A few days ago, my husband and I stood in the Home Department of TK Max, shopping for pots and pans, kitchen utensils, can openers and all manner of other kitchen paraphernalia. It seemed a strange thing to be doing, considering our twentieth wedding anniversary takes place later this month. Talk about de-ja-vu! Only this time, the kitchen stuff wasn’t for us. It was for our eighteen-year-old son, who we helped move into University yesterday.
No matter how prepared you think you are, the day your first-born moves out of home, comes around all too quickly. Didn’t everyone tell you it would go by in the blink of an eye? But when the time comes for them to fly the nest, you’re in pieces! Suddenly you can no longer walk past that photo of them on the bookcase without wanting to well up.

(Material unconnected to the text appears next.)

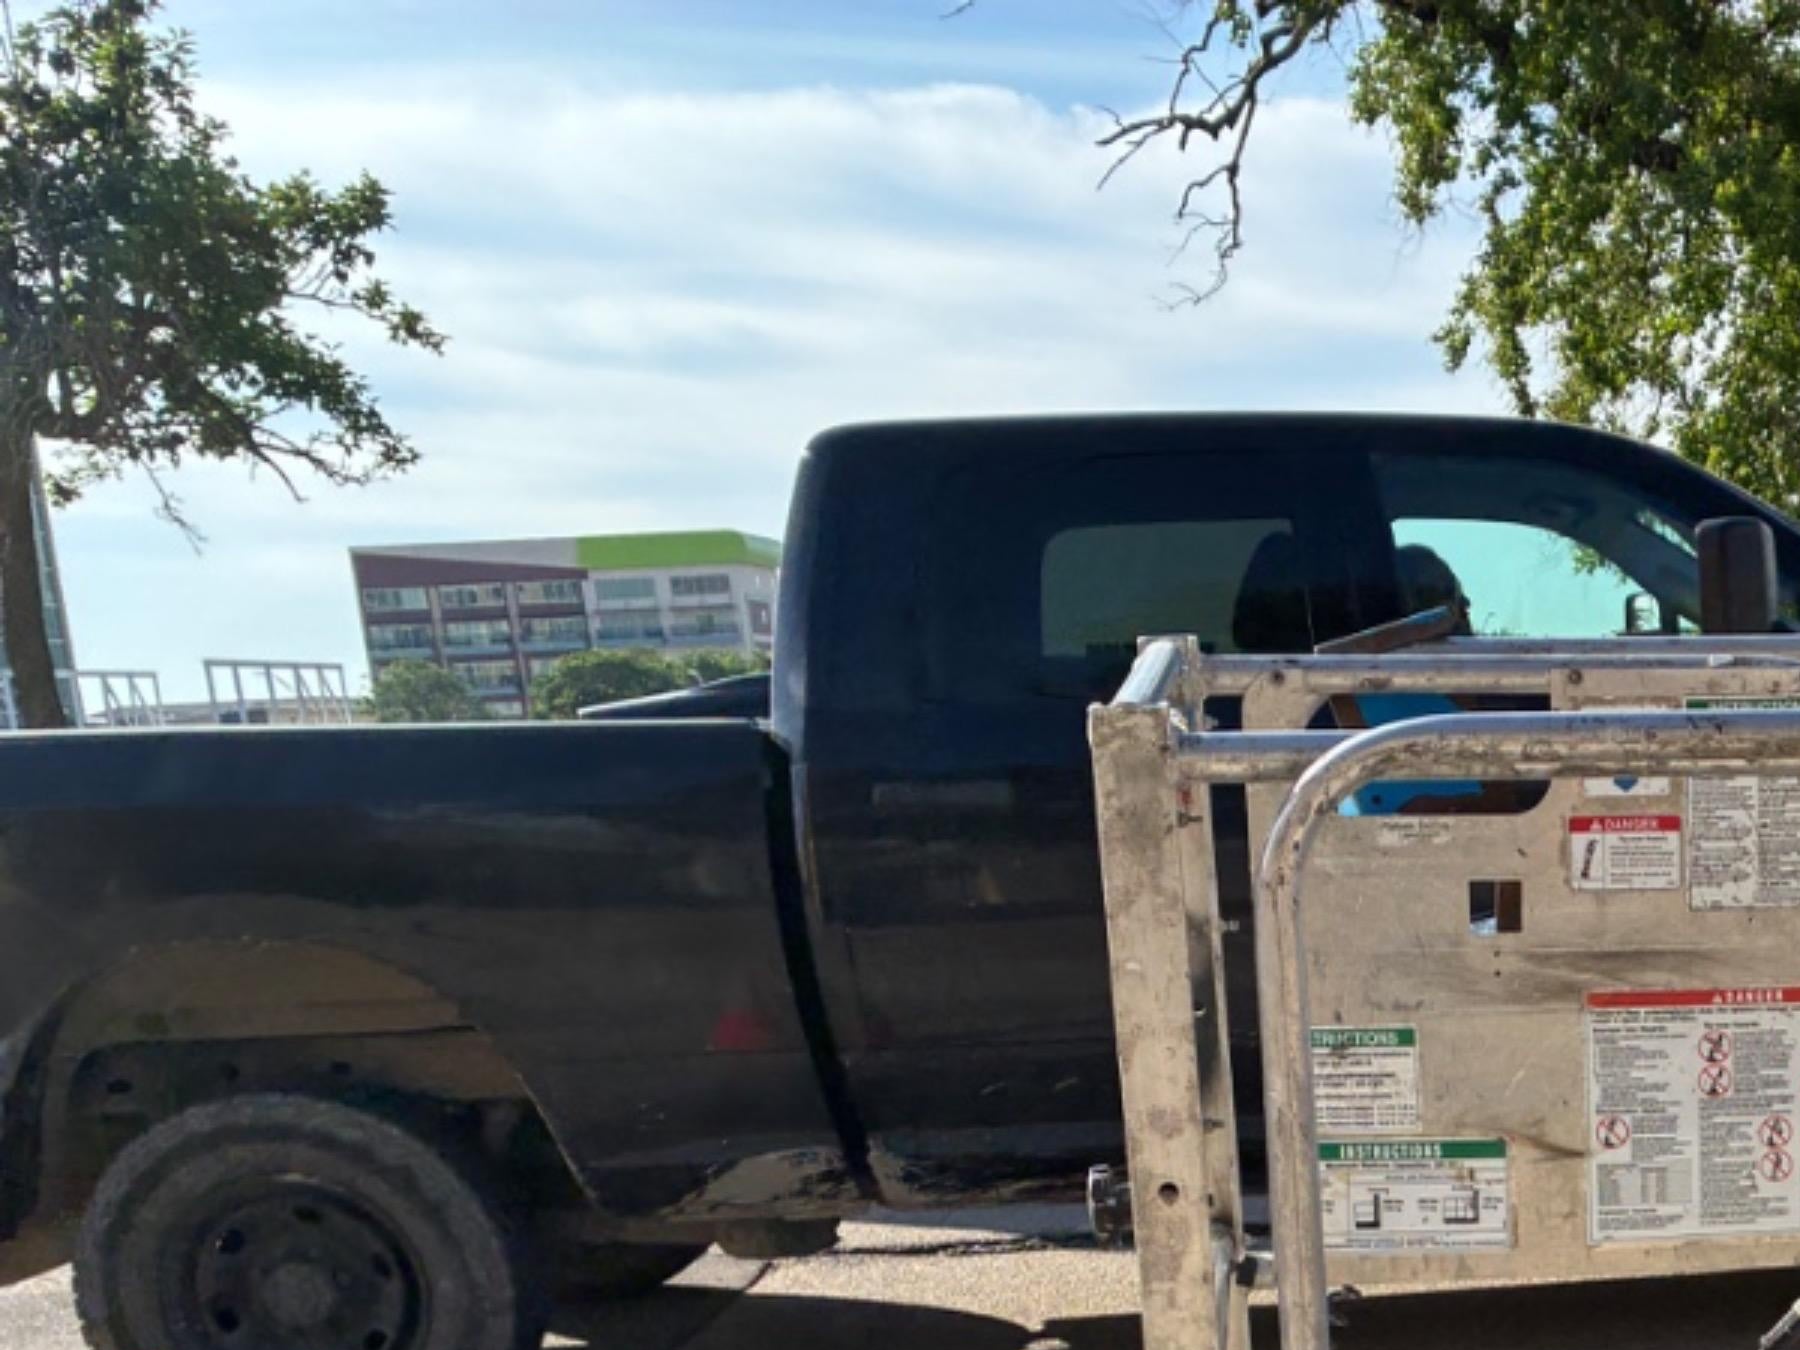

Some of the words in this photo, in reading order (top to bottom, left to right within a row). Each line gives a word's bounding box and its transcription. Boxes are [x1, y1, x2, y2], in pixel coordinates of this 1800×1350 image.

[1604, 817, 1659, 831] DANGER
[1727, 990, 1783, 1004] DANGER
[1341, 1143, 1441, 1160] INSTRUCTIONS

But even though our son moved out physically just yesterday, really, he began leaving over two years ago.
The pulling away of a teenager can be so painful. The disconnect can be subtle at first. The rolling of their eyes every time you ask them to take their dirty cup out to the dishwasher. The walking around the house with their headphones permanently in place. The aloofness. The lack of eye contact. Warm smiles replaced with aggressive retorts.
You learn to brace yourself for the volcano that’s about to erupt any time you need to speak into an aspect of their life. It could be the down-hill slump in their grades at school. Or a concern you have over a recent post on social media. Whatever the issue, you know it won’t be an easy conversation. You convince yourself these ugly blow-ups are just a phase. Your child is hormonal. This too shall pass.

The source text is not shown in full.